How to complete this task: Would you restate every entry that follows, word for word, and leave out the pictures?

[Records from a data collection]
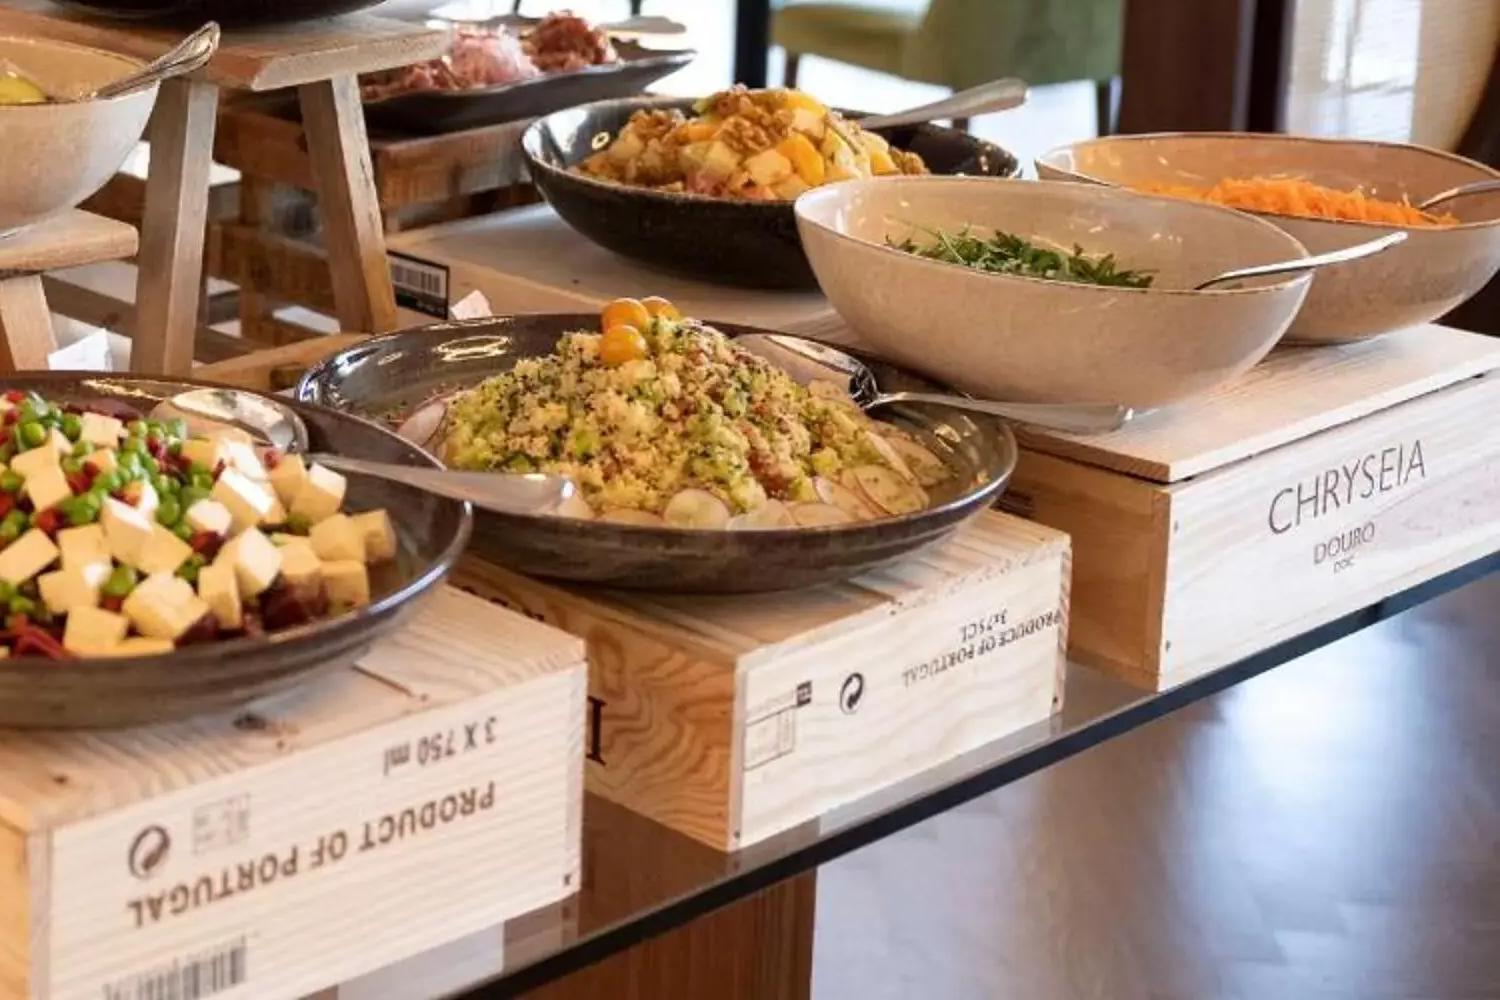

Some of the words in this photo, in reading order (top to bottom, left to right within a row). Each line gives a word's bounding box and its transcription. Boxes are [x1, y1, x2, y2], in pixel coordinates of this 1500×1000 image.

[1268, 439, 1426, 535] CHRYSEIA
[1313, 521, 1376, 566] DOURO
[977, 634, 997, 657] OF
[998, 608, 1062, 647] PRODUCE
[901, 643, 975, 689] PORTUGAL
[483, 716, 498, 744] 3
[382, 744, 412, 777] ml
[416, 733, 457, 767] 750
[358, 781, 497, 851] PRODUCT
[309, 834, 349, 872] OF
[127, 847, 299, 928] PORTUGAL
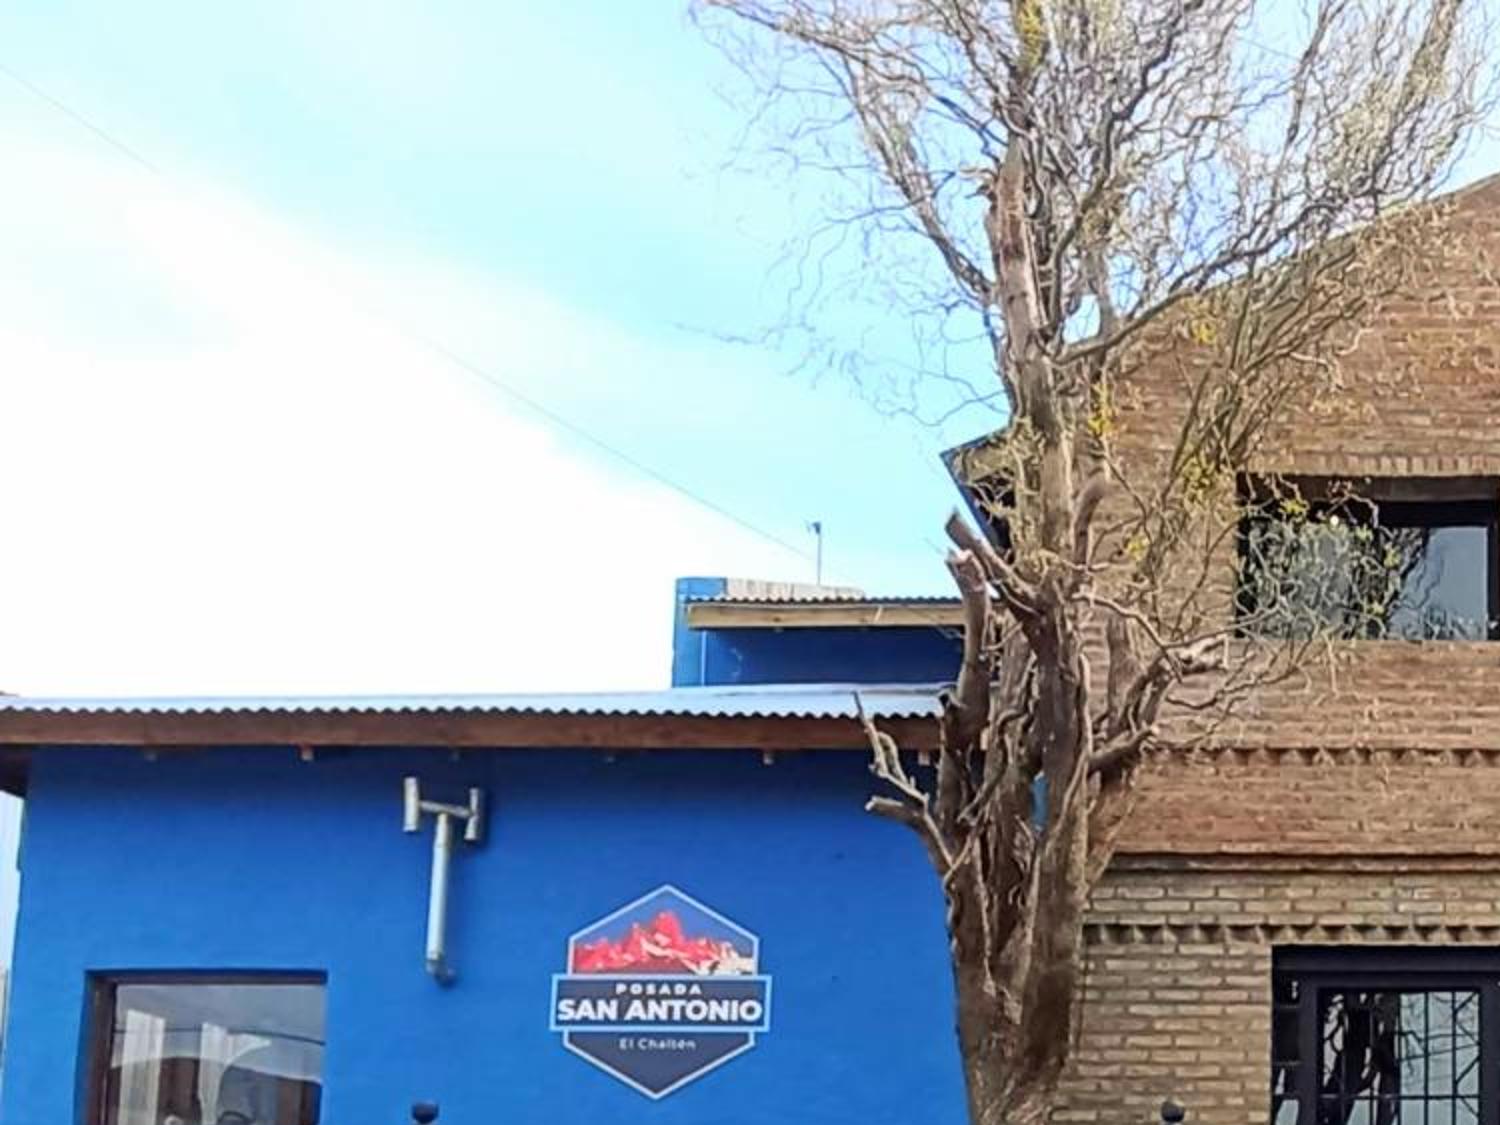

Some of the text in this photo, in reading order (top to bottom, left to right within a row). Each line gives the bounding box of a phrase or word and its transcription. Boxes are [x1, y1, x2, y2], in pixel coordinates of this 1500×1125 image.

[615, 983, 703, 995] POSADA
[557, 999, 763, 1021] SAN ANTONIO
[619, 1037, 635, 1050] El

Written solution:
Some of the words in this photo, in reading order (top to bottom, left to right within a row). Each line gives a word's bounding box and its transcription. Boxes are [x1, y1, x2, y2], in pixel coordinates of this 1500×1000 image.

[1268, 439, 1426, 535] CHRYSEIA
[1313, 521, 1376, 566] DOURO
[977, 634, 997, 657] OF
[998, 608, 1062, 647] PRODUCE
[901, 643, 975, 689] PORTUGAL
[483, 716, 498, 744] 3
[382, 744, 412, 777] ml
[416, 733, 457, 767] 750
[358, 781, 497, 851] PRODUCT
[309, 834, 349, 872] OF
[127, 847, 299, 928] PORTUGAL

Some of the text in this photo, in reading order (top to bottom, left to right within a row). Each line gives the bounding box of a phrase or word and its transcription. Boxes are [x1, y1, x2, y2], in pixel coordinates of this 1500×1125 image.

[615, 983, 703, 995] POSADA
[557, 999, 763, 1021] SAN ANTONIO
[619, 1037, 635, 1050] El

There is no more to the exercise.